Material provided.

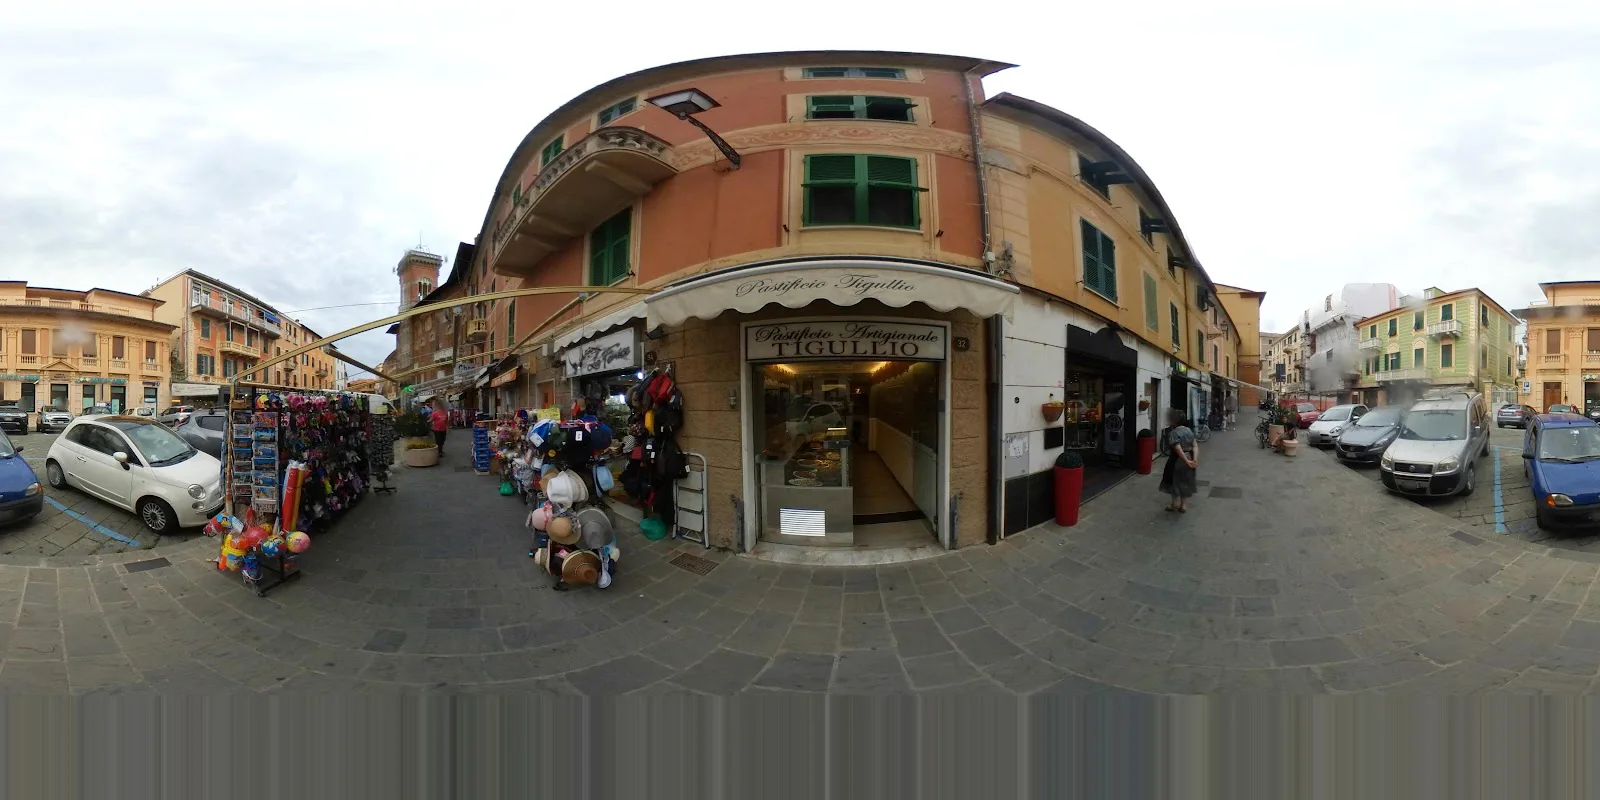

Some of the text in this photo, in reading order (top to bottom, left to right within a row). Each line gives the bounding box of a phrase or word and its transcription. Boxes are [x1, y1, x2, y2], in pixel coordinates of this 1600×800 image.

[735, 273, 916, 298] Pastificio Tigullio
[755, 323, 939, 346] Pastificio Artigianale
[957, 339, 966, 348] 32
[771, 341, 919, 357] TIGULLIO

What is required.
Drop every picture from the data, then output all the rest exactly.

Task answer.
Some of the text in this photo, in reading order (top to bottom, left to right within a row). Each line gives the bounding box of a phrase or word and its transcription. Boxes are [x1, y1, x2, y2], in pixel coordinates of this 1600×800 image.

[735, 273, 916, 298] Pastificio Tigullio
[755, 323, 939, 346] Pastificio Artigianale
[957, 339, 966, 348] 32
[771, 341, 919, 357] TIGULLIO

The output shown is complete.